FIGURE 1. Localisations géographiques et étendues des bassins versants à l’étude

Source: Regroupement des Organismes de Bassins Versants du Québec (ROBVQ), (En ligne)  https://robvq.qc.ca/obv

La Loi de 2009 a confirmé le concept de gestion de l’eau par bassin versant en lui octroyant un caractère légal. Cette concrétisation s’est révélée une avancée considérable pour la gestion de l’eau dans la législation provinciale. Les OBV ont également été reconnus en tant que « catalyseurs des forces vives du milieu » (ROBVQ et autres, 2016). Ces derniers détiennent le statut d’organismes à but non lucratif (ONBL) en conformité avec la Loi 101, au même titre que les clubs de sport ou les associations de pêche (Brun et Lasserre, 2010b). À l’opposé des agences de l’eau françaises, leurs moyens financiers sont limités. Contrairement aux Établissements publics territoriaux de bassin (EPTB), qui se voient attribuer certaines compétences en France, les OBV au Québec doivent chevaucher entre les autorités publiques, locales, régionales et provinciales qui conservent leurs compétences exclusives (Payette, 2014). Il leur revient donc un rôle de sensibilisation des différents acteurs et d’émission de recommandations aux décideurs de ces paliers décisionnels (ibid.). Incorporant ces dernières fonctions, ils agissent comme de véritables « porteurs de projets » au fait des réalités locales qui affectent les zones des bassins qui les concernent (Brun et Lasserre, 2010b).
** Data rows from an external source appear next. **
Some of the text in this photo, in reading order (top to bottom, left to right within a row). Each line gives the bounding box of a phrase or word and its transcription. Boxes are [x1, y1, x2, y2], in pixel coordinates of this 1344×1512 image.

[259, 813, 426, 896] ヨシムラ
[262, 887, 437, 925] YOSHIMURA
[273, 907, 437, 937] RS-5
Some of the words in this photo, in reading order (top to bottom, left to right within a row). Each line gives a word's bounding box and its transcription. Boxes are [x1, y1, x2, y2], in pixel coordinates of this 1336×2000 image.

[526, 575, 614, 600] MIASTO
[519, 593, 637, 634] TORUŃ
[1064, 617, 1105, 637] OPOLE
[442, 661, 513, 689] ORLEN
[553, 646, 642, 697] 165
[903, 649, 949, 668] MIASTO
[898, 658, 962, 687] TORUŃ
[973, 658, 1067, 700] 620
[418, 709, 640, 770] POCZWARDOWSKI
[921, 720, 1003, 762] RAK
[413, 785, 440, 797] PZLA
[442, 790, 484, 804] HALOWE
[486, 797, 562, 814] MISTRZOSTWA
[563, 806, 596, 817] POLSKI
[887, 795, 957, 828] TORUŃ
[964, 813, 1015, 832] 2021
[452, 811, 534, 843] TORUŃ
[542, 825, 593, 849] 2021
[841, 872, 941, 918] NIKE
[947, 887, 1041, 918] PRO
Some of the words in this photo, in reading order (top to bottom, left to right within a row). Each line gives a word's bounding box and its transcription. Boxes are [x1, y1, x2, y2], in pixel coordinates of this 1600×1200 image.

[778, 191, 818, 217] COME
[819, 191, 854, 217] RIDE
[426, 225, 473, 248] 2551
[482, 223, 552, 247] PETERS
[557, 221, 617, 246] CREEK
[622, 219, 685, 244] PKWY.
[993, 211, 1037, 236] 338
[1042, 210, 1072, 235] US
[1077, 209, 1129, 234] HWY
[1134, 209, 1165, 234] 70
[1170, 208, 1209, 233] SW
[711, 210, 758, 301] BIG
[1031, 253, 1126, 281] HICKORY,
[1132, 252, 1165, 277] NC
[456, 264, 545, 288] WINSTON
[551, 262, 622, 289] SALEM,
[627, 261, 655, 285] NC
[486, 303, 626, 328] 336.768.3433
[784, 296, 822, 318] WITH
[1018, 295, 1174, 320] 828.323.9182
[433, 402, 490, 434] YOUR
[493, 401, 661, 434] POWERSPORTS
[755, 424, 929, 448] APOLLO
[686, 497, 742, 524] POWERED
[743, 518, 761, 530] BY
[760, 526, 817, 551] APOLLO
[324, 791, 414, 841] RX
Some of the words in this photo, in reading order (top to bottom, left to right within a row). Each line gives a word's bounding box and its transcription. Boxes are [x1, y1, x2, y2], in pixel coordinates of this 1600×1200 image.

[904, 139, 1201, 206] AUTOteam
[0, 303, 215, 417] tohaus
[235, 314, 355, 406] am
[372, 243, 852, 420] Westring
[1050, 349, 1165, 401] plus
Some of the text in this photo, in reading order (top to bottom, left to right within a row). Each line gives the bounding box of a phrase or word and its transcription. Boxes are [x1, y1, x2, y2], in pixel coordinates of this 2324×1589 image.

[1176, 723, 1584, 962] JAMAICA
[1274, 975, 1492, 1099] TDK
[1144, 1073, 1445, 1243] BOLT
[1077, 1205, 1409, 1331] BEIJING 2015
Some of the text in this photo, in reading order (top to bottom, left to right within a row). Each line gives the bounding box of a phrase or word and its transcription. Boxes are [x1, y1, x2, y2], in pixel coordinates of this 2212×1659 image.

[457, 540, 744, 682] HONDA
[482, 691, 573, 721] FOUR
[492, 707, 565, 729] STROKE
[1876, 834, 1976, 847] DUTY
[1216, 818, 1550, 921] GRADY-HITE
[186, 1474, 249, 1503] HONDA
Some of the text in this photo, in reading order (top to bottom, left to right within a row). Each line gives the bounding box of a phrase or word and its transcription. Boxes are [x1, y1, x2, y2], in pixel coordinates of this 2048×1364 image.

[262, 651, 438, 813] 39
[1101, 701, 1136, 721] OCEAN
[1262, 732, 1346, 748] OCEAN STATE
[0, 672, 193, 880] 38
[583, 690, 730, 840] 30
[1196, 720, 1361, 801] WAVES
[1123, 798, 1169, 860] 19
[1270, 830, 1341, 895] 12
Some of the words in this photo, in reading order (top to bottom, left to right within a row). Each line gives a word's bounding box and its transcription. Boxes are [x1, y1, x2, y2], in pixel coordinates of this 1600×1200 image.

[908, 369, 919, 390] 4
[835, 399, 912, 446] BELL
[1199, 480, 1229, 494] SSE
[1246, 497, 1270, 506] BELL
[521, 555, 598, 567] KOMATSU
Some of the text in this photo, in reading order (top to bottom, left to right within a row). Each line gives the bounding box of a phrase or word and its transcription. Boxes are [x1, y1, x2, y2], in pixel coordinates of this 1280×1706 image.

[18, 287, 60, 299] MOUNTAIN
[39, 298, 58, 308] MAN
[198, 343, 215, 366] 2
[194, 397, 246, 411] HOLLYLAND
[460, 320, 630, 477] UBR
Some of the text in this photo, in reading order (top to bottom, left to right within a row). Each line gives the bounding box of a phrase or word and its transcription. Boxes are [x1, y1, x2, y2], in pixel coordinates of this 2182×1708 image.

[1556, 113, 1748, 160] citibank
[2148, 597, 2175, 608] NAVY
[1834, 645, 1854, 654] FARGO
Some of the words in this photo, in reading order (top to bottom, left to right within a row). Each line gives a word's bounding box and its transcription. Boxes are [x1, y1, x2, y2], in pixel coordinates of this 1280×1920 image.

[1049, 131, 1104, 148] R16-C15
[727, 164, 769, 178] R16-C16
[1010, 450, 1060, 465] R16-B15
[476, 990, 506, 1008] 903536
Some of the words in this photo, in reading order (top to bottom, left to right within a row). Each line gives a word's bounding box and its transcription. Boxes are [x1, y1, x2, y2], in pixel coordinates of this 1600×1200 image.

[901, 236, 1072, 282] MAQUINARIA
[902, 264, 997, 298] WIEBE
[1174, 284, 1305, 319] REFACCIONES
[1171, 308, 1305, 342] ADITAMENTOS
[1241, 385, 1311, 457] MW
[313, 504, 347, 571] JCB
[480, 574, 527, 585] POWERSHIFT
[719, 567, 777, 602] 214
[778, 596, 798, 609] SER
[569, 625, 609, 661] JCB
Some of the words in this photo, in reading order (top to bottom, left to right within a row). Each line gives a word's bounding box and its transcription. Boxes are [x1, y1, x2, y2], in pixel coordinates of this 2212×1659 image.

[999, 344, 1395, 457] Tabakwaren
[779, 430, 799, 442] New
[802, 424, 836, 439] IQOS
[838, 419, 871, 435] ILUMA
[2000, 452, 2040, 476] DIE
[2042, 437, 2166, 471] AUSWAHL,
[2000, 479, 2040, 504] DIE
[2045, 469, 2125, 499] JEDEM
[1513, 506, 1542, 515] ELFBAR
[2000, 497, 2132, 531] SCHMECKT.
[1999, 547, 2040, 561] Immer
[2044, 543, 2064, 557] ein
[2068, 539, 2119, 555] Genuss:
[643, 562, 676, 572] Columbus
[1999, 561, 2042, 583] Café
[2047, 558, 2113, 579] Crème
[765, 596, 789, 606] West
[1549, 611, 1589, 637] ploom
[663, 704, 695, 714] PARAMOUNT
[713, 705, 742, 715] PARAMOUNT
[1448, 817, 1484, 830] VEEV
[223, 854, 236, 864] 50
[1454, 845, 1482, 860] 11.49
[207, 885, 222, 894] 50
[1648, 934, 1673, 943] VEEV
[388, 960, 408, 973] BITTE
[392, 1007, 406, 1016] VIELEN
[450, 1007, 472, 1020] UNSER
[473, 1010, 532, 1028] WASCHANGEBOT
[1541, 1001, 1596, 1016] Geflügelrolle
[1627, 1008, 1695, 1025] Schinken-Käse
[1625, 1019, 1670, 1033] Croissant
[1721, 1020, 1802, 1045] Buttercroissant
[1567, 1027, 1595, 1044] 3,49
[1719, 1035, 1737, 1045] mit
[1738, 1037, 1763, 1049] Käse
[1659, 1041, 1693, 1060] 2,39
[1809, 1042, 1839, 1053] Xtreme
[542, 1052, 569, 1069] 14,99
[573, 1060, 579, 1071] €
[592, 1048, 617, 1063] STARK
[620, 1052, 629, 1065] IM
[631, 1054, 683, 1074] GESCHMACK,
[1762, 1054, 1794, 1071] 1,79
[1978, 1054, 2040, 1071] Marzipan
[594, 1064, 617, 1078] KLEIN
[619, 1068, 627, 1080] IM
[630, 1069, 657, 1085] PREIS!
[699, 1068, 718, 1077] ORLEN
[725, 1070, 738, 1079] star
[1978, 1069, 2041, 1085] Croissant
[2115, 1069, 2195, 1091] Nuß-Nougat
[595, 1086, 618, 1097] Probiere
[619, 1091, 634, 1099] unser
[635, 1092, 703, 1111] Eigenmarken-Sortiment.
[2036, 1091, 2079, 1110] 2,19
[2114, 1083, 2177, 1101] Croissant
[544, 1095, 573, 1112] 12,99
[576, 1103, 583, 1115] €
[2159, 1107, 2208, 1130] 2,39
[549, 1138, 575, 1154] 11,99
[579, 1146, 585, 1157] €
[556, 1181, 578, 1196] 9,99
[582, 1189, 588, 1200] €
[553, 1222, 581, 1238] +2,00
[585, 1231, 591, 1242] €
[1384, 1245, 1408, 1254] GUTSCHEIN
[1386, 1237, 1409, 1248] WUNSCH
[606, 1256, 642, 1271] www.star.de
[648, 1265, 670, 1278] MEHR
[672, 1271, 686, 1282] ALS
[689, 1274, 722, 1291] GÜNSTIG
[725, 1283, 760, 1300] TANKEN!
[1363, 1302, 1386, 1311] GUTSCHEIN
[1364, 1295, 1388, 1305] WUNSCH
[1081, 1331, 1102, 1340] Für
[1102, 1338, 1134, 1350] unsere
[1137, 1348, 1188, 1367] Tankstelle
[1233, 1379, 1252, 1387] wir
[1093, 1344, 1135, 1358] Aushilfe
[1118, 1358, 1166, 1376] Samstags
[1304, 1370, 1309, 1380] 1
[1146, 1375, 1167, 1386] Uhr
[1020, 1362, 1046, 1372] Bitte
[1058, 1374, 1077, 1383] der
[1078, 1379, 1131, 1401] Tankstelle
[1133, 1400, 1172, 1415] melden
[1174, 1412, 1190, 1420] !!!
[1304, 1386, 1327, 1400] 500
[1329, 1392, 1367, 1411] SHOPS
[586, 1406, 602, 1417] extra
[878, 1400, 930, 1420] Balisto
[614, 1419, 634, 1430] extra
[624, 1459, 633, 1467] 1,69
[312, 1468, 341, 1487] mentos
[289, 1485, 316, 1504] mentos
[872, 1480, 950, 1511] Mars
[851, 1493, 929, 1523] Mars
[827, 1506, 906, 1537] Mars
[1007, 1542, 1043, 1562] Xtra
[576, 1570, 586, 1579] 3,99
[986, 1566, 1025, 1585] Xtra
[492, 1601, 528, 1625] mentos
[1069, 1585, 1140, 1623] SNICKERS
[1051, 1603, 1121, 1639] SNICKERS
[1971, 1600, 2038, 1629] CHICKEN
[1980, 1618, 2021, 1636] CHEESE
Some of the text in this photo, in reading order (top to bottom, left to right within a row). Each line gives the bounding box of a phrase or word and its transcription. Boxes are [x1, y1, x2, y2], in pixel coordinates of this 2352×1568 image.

Pour encadrer les OBV, le ROBVQ a été créé en 2001. À titre d’OBNL, il constitue le partenaire privilégié du gouvernement du Québec en matière de gestion intégrée de l’eau par bassin versant. Il représente, défend, développe des collaborations, des partenariats, des services, des projets et des programmes dans l’intérêt de ses membres et de la gouvernance de l’eau au Québec (https://robvq.qc.ca). Il organise plusieurs rendez-vous et galas afin de réunir les différents acteurs de l’eau et d’offrir des formations. Au travers de différents répertoires et plateformes, il assure de surcroît la diffusion d’information sur divers sujets essentiels aux OBV.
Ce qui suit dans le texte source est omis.